Our skin is our largest organ and a large percentage of what we put on our skin is absorbed by the body. Products that we use each day, from shampoo to body wash, to lotion and perfume, can impact our toxic load.
To make matters more confusing, we don’t always know what’s inside the personal care products we are using. Parabens, phthalates, plastics, preservatives, and irritants are known endocrine disruptors, yet they are perfectly legal. The cosmetic industry is essentially unregulated and companies are able to add all manner of toxic and even known carcinogenic ingredients into the products many of us use each day. More shockingly, any ingredients considered trade secrets do not have to be listed on the product – think label terms such as fragrance, perfume, and flavour – and as a result, our bathroom cabinets and make up bags are filled with toxic chemicals that are harmful to our health.

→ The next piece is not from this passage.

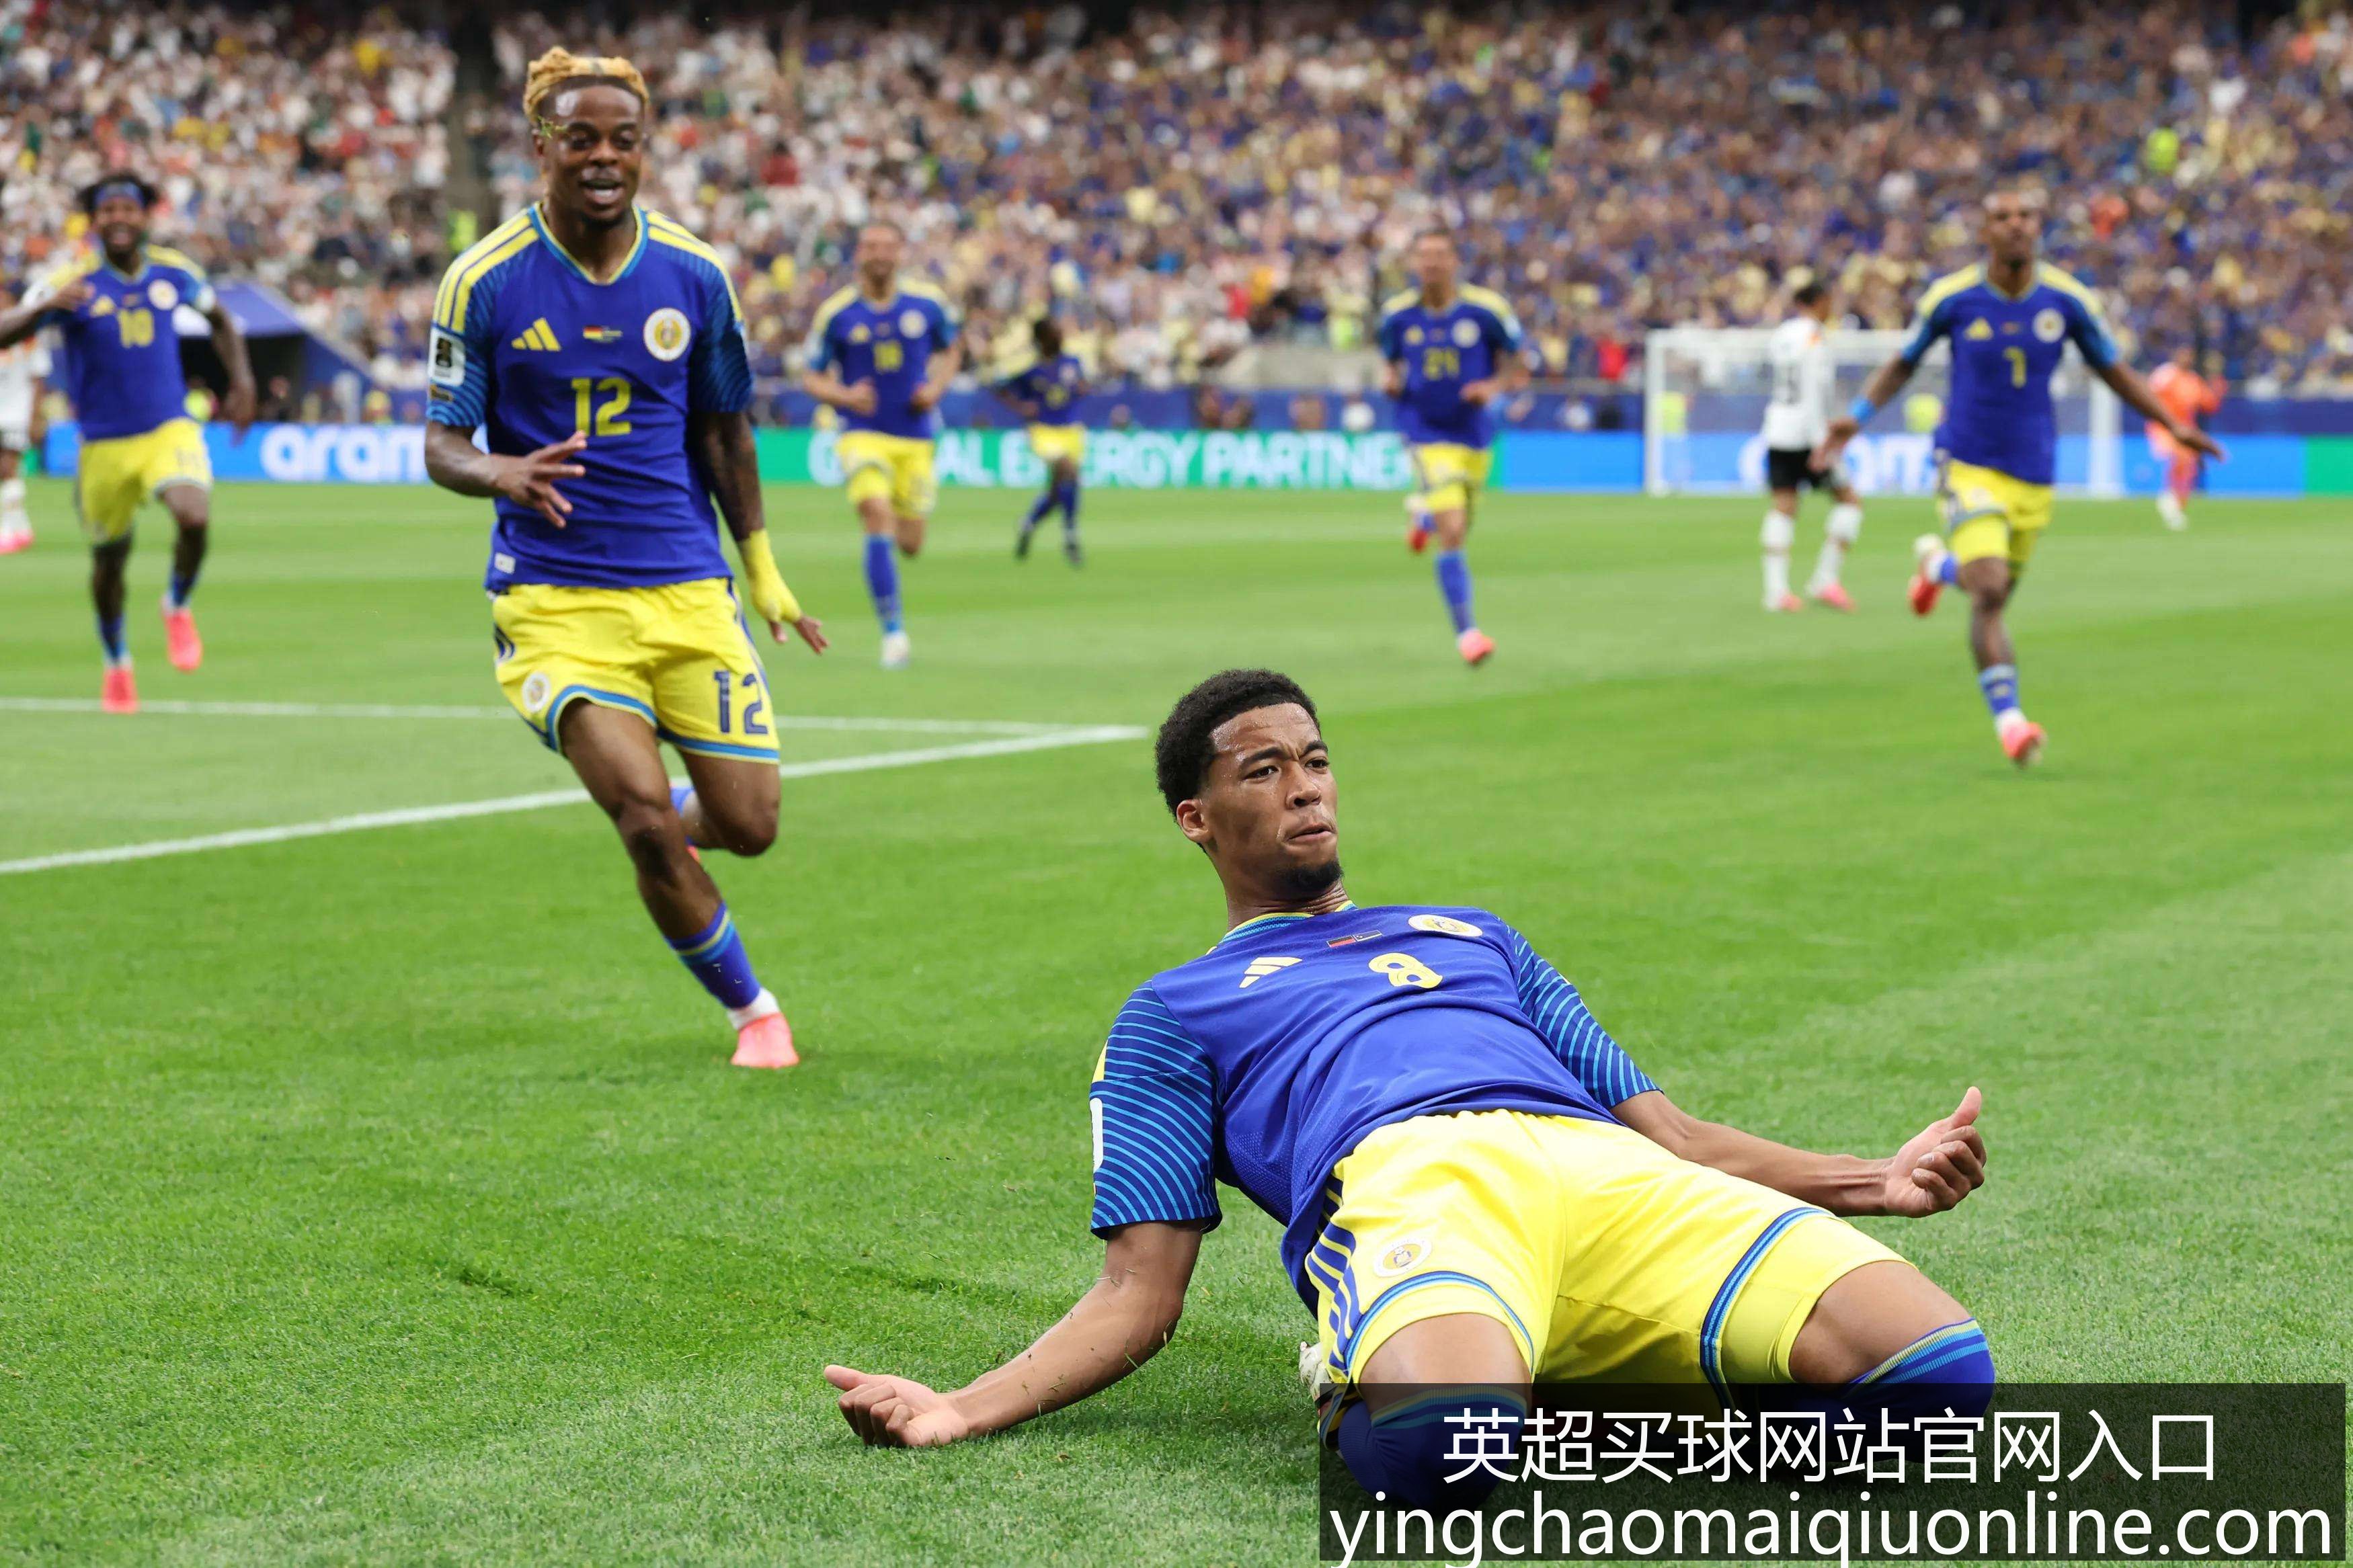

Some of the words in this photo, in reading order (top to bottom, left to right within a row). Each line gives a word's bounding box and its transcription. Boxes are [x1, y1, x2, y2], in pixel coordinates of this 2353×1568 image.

[571, 378, 631, 437] 12
[1203, 429, 1411, 489] PARTNE
[713, 670, 768, 734] 12
[1368, 952, 1443, 989] 8

What are we putting on our bodies?
We basically consume every single product we wear, via our skin and bodily orifices. Think of the number of basic personal care products you use each day – from hand wash to lip balm, to lotion, shampoo, make up and perfume. When you start to track the different products you use, even the most basic routine adds up a dose of daily toxins. An Environmental Working Group survey found that the average woman uses 12 products containing 168 unique ingredients every single day (1). 168 unique ingredients, day in, day out, thus layering and building an unsustainable toxic load.
The industry standard argues nothing is essentially toxic and if it is, it’s only in trace amounts. Yet all products are allowed to go to market first, and tested after. Endocrine disruptors, found in everything from soap to perfume, are often extremely tiny in form, but it’s their small size that allows them to mimic our hormones. They confuse the body’s natural signals, throwing off hormone production levels and wreaking havoc on our endocrine systems, which can lead to long-term health damage from reproductive issues to metabolic problems, and even cancer. How toxic an ingredient is depends on where in the world you are. While the EU has banned or regulated more than 1,400 ingredients in personal care products, the US has banned around 9 (2).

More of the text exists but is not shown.